For more information, see Stage, pipe, and load history replication.
Security Updates¶
Password policies: Add support for password history and time to wait to change a password¶
With this release, we are pleased to announce support for password history values and the minimum number of days before you can change a password in a password policy:
The PASSWORD_HISTORY property in a password policy specifies the number of passwords that Snowflake stores. When a user changes their password, the new password cannot match any of the values in the history. If you increase the history value, such as changing the value from 3 to 6, Snowflake stores the three existing values. If you decrease the history value, such as changing from 6 to 3, Snowflake stores the three most recent values and deletes the three oldest values.
The PASSWORD_MIN_AGE_DAYS property in a password policy specifies the number of days the user must wait before a recently changed password can be changed again. This value helps to ensure that the password history is not exhausted too soon.
These two properties should be set together in a password policy with values that align with your internal security practices. You can specify these property values when you create a password policy or modify an existing password policy.

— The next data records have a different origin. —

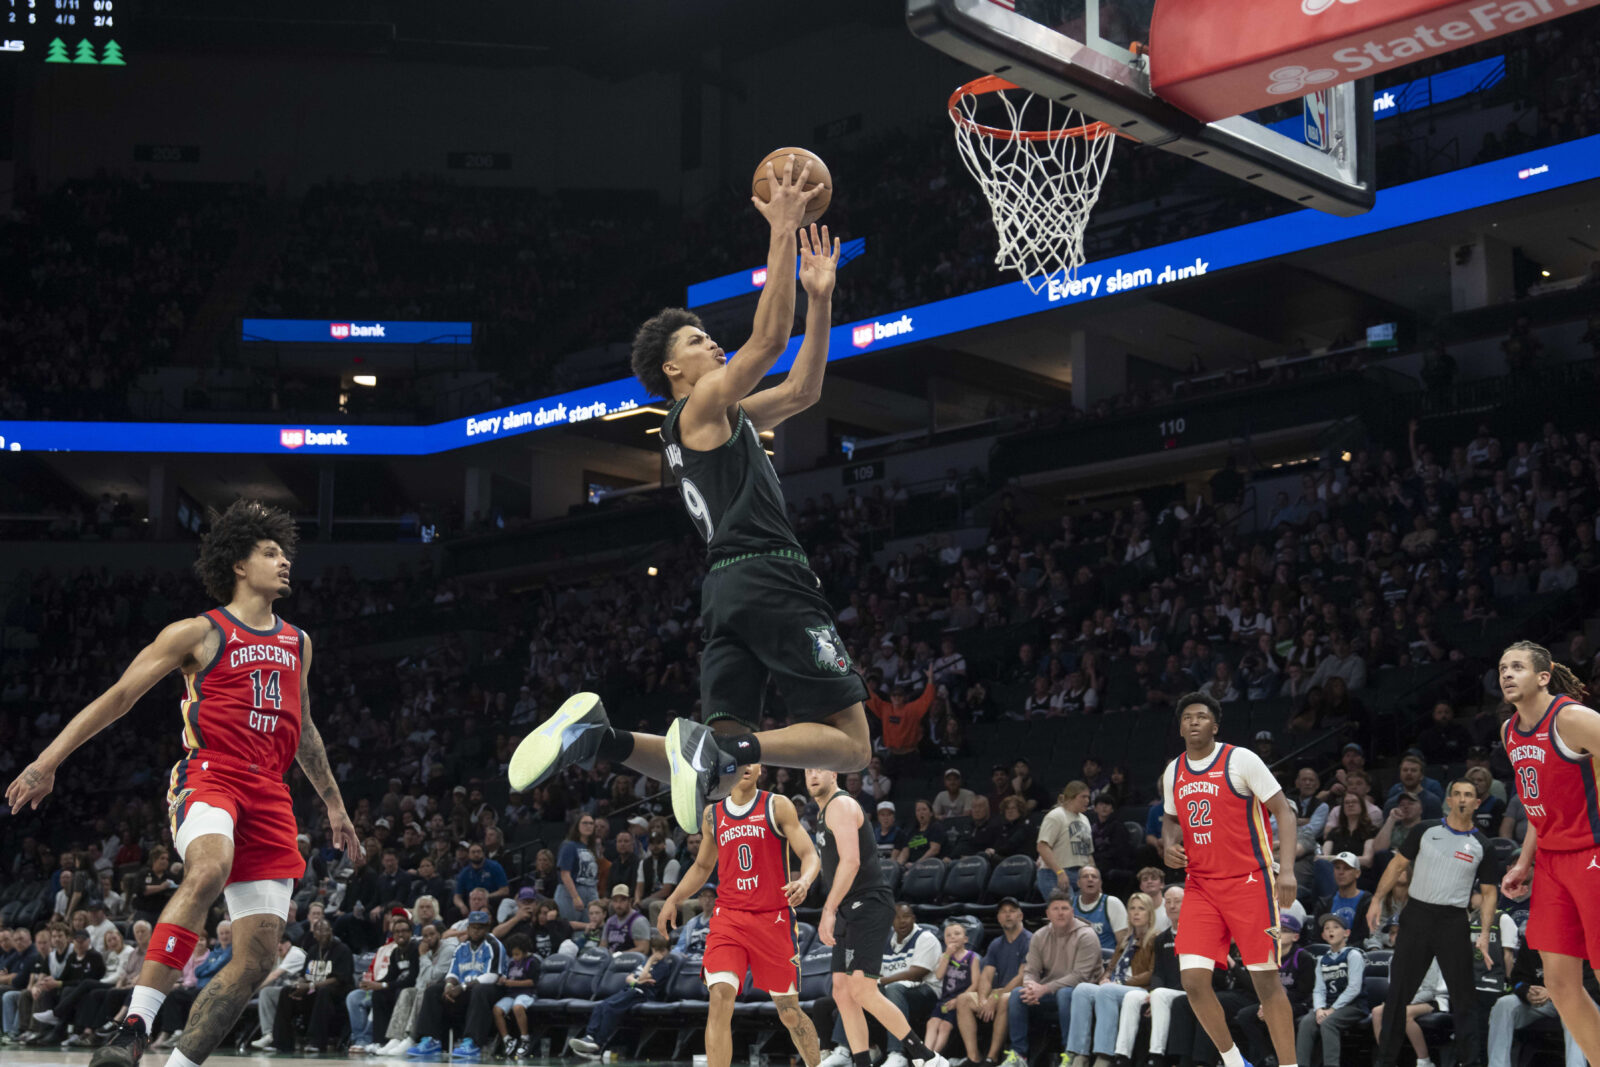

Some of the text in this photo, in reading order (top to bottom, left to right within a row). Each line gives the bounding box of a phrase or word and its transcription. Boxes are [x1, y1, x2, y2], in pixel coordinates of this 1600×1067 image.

[93, 0, 113, 11] 0/0
[9, 12, 16, 23] 2
[94, 15, 113, 27] 2/4
[1048, 275, 1102, 301] Every
[1106, 268, 1152, 292] slam
[350, 323, 386, 337] bank
[874, 314, 914, 340] bank
[466, 416, 502, 437] Every
[502, 411, 533, 430] slam
[534, 402, 567, 426] dunk
[568, 400, 607, 423] starts
[1158, 418, 1186, 436] 110
[305, 429, 348, 446] bank
[852, 465, 874, 481] 109
[681, 477, 715, 544] 9
[230, 644, 297, 671] CRESCENT
[250, 668, 282, 710] 14
[249, 710, 279, 733] CITY
[1178, 781, 1220, 800] CRESCENT
[1517, 766, 1539, 799] 13
[1187, 798, 1213, 827] 22
[1524, 803, 1547, 817] CITY
[720, 824, 766, 847] CRESCENT
[1193, 831, 1212, 845] CITY
[738, 843, 753, 872] 0
[736, 874, 759, 891] CITY

For details, see CREATE PASSWORD POLICY and ALTER PASSWORD POLICY.
SQL Updates¶
EXECUTE IMMEDIATE FROM File — Preview¶
With this release, we are pleased to announce the preview of the EXECUTE IMMEDIATE FROM command. This command executes the SQL statements in a file on a stage. The file must contain syntactically valid SQL statements.

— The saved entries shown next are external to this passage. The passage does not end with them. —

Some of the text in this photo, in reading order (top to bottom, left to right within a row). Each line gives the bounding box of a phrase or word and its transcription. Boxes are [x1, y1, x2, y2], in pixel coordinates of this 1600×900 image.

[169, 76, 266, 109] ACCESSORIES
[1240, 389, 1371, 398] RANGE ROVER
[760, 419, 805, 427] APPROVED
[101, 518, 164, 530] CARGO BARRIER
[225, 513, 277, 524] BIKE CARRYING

This feature provides a mechanism to control the deployment and management of your Snowflake objects and code. You can use the EXECUTE IMMEDIATE FROM command to execute scripts in any session.

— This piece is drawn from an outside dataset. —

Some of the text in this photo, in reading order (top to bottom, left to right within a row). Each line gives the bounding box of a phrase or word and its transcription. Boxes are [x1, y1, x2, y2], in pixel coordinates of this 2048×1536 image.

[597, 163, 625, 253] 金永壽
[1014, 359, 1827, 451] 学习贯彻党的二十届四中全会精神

For more information, see EXECUTE IMMEDIATE FROM.
Organizations & Accounts: Dropping an account URL — Preview¶
With this release, we are pleased to announce that organization administrators can use the ALTER ACCOUNT … DROP OLD ORGANIZATION URL command to drop an old account URL that was saved when Snowflake Customer Support performed any of the following actions:
Renamed the organization.
Merged two organizations.
Moved an account from one organization to another.
An old account URL is dropped automatically 90 days after Snowflake Customer Support performs one of these actions, but the organization administrator can now drop it sooner.
Developer and Extensibility Updates¶
Support for Python 3.9 and 3.10 in Snowpark, UDFs, UDTFs and stored procedures — General Availability¶
With this release, we are pleased to announce the general availability of support for Python 3.9 and 3.10 in Snowpark Python, Python UDFs, Python UDTFs and Python stored procedures.
For more information, see:
Tabular Return Values from Python Stored Procedures — General Availability¶
With this release, we are pleased to announce the general availability of tabular stored procedures with a handler written in Python. You can write a procedure that returns data in tabular form. To do this, you specify the procedure’s return type as TABLE (specifying columns for the return value), then have your handler code return the tabular value in a Snowpark dataframe.
For more information, see Python.
Data Governance Updates¶
Set a masking policy on a virtual column — Preview¶
With this release, we are pleased to announce that you can set a masking policy on a virtual column in an external table. This update allows the masking policy on the virtual column to override the masking policy that the virtual column inherits from the VALUE column. This update simplifies external table management because data administrators no longer need to create a view from the semi-structured data in the VALUE column and protect the view, and provides consistent data management and protection of the external table data because the protected virtual column does not expose data unnecessarily.
For details, see Masking policies and external tables.
Web Interface Updates¶
Governance area supports GOVERNANCE_VIEWER and OBJECT_VIEWER database roles¶
With this release, we are pleased to announce that an account role can access the Governance area of Snowsight if the role has been granted the GOVERNANCE_VIEWER and OBJECT_VIEWER database roles. These database roles exist in the shared SNOWFLAKE database. By granting these database roles to an account role, it is no longer necessary to use the ACCOUNTADMIN role to access the Governance area of Snowsight. This update simplifies the management to access the Governance area of Snowsight.
Provider Studio Onboarding — General Availability¶
With this release, we are pleased to announce the general availability of self-service onboarding to become a provider of listings using Provider Studio.
For more details, see Become a provider.